Single by Car Seat Headrest

from the album Twin Fantasy (Face to Face)
- Released: January 9, 2018
- Genre: Indie rock; power pop;
- Length: 5:25 3:08 (edit)
- Label: Matador
- Songwriter: Will Toledo
- Producer: Toledo

Car Seat Headrest singles chronology
| "Beach Life-in-Death" (2017) | "Nervous Young Inhumans" (2018) | "Cute Thing" (2018) |

Music video
- "Nervous Young Inhumans" on YouTube

= Nervous Young Inhumans =

2018 single by Car Seat Headrest

"Nervous Young Inhumans" is a song written by American indie rock musician Will Toledo. It was originally released independently on Twin Fantasy (2011), his sixth album under his Car Seat Headrest alias. The song would go on to receive a full band re-recording with new lyrics, and be released as the second single in promotion of the band's twelfth studio album Twin Fantasy (Face to Face). The re-recording was released alongside a music video, with cover artwork provided by Hojin Stella Yung.

== Background ==
"Nervous Young Inhumans" was the final track written and recorded for Twin Fantasy, with Toledo originally sharing the song on Tumblr in October 2011. Both versions of the song feature a spoken word outro performed over an instrumental jam, with the original 2011 version featuring Toledo explaining his use of the term "galvanistic" in the chorus, and drawing allusions to Mary Shelley's Frankenstein. Steven Hyden of Uproxx would compare this monologue to "a filmmaker embedding his own director’s commentary into the closing credits".

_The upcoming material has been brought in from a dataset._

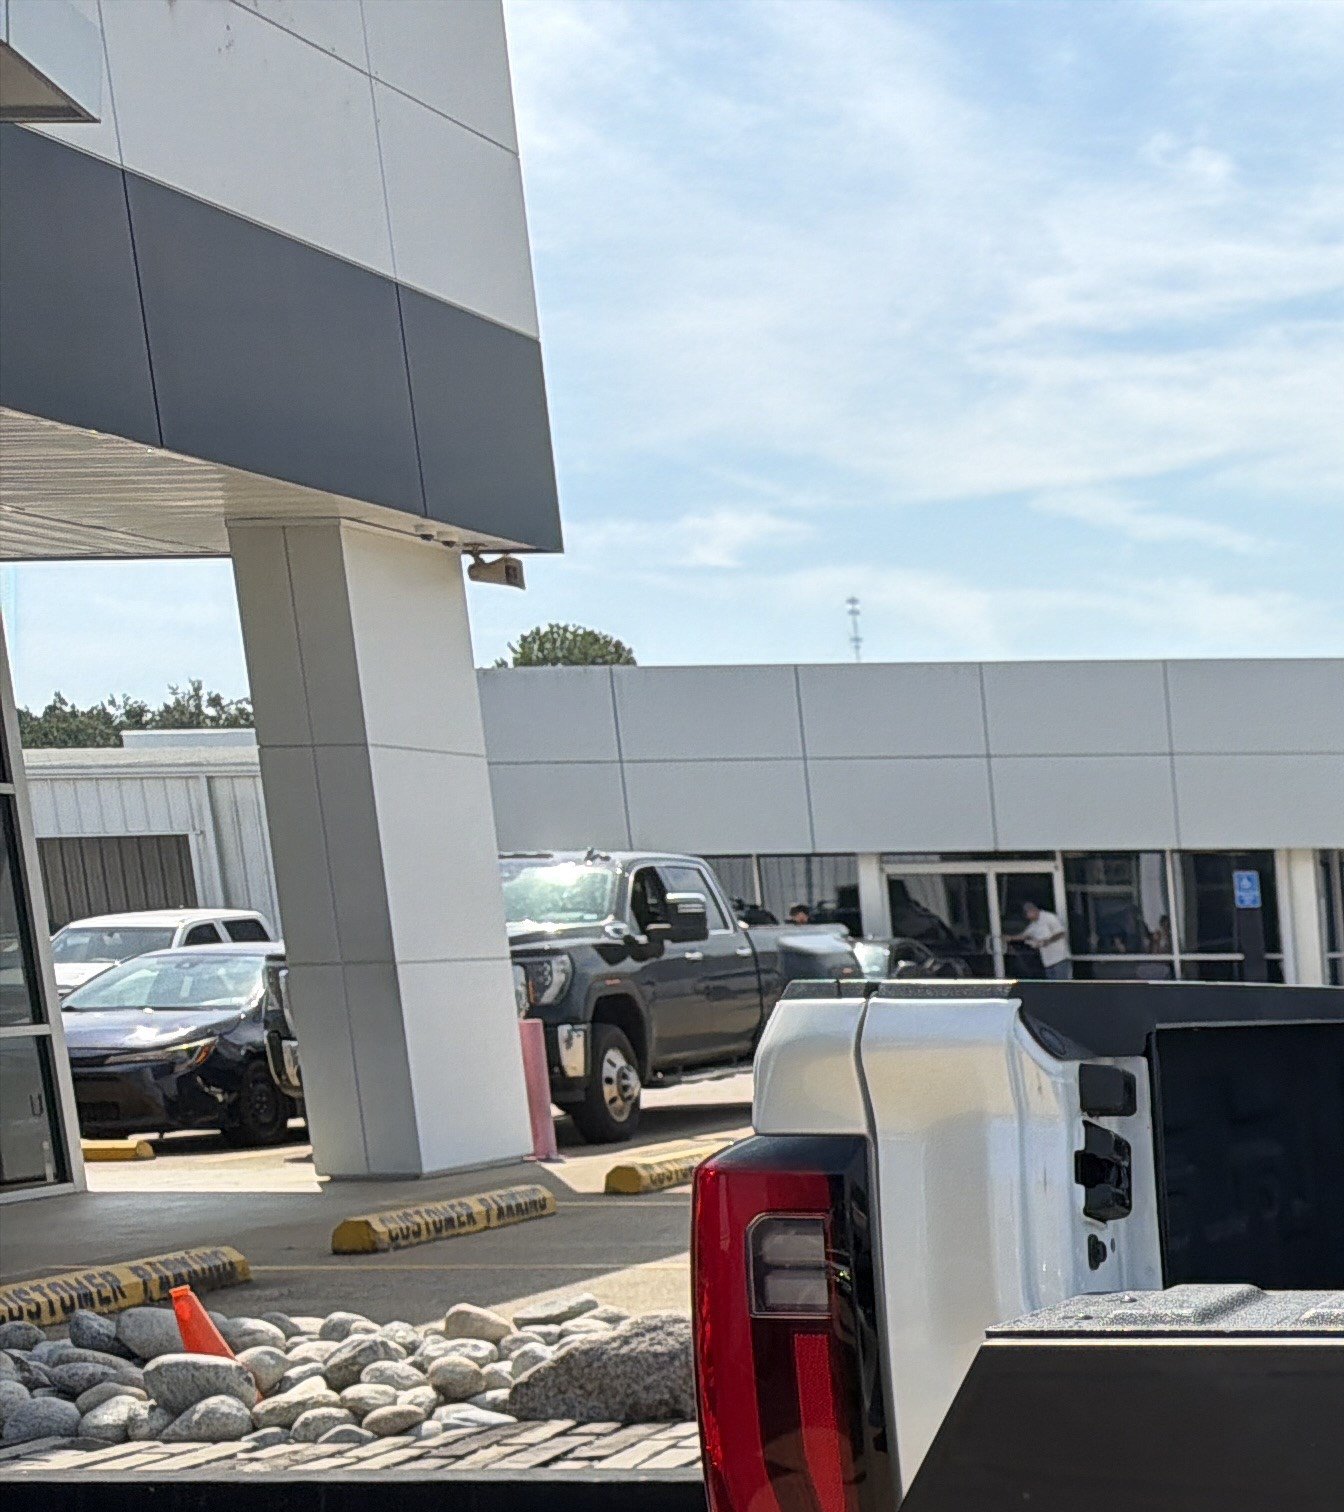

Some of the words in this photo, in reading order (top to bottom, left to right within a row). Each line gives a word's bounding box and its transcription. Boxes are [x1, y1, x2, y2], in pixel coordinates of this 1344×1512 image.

[378, 1201, 477, 1242] CUSTOMER
[476, 1187, 548, 1224] PARKING
[0, 1270, 127, 1324] USTOMER

The spoken word outro would be completely re-written for the re-recording, with added references to the "painstar" (the fictional concept of a star that causes immense pain for a split second when touched, originally dreamed by a friend of Toledo and drawn by Cate Wurtz, the subject of the album) which is referenced in the penultimate track on the album, Famous Prophets (Stars).It also references Murry Wilson and a series of nightmares Toledo had after watching the 2017 film, The Evil Within. In a self-published interview with Peyton Thomas, Toledo would describe the updated outro as "much more stream-of-consciousness", comparing it, and the associated jam, to Neil Young's album Hitchhiker. The lyrics referencing "galvanism" in the chorus would also be removed after Toledo realized the adjectival form of galvanism would be "galvanic" instead of "galvanistic".

== Music video ==
A music video was released alongside the single, directed by front man Will Toledo in collaboration with the production company Dos Rios. The video shows a split screen of Toledo singing and dancing along with the track, alongside a brief cameo from the band's percussionist, Andrew Katz.

== Reception ==

=== 2011 version ===
In a review for the 2018 re-recording, Sasha Geffen of Pitchfork expressed some criticisms for the original version, describing the spoken word outro as "deadpanned over a blasé bass line". They would also describe the main guitar riff in the track as "antithetic". Andy Cush of Spin described the track as a "tight and punchy pop song".

=== 2018 version ===
In the same Pitchfork review by Sasha Geffen, they would praise the updated version as being "among the poppiest songs in Toledo’s catalog," noting that the updated guitar work is "a sparkling, robust tone that throws a glam rock sheen on his fevered power-pop." They would ultimately describe the track as "the shyest glam possible, a tortured internal monologue screamed beneath a broken disco ball [...] remembering what it felt like to want to dance with someone long after the party's over".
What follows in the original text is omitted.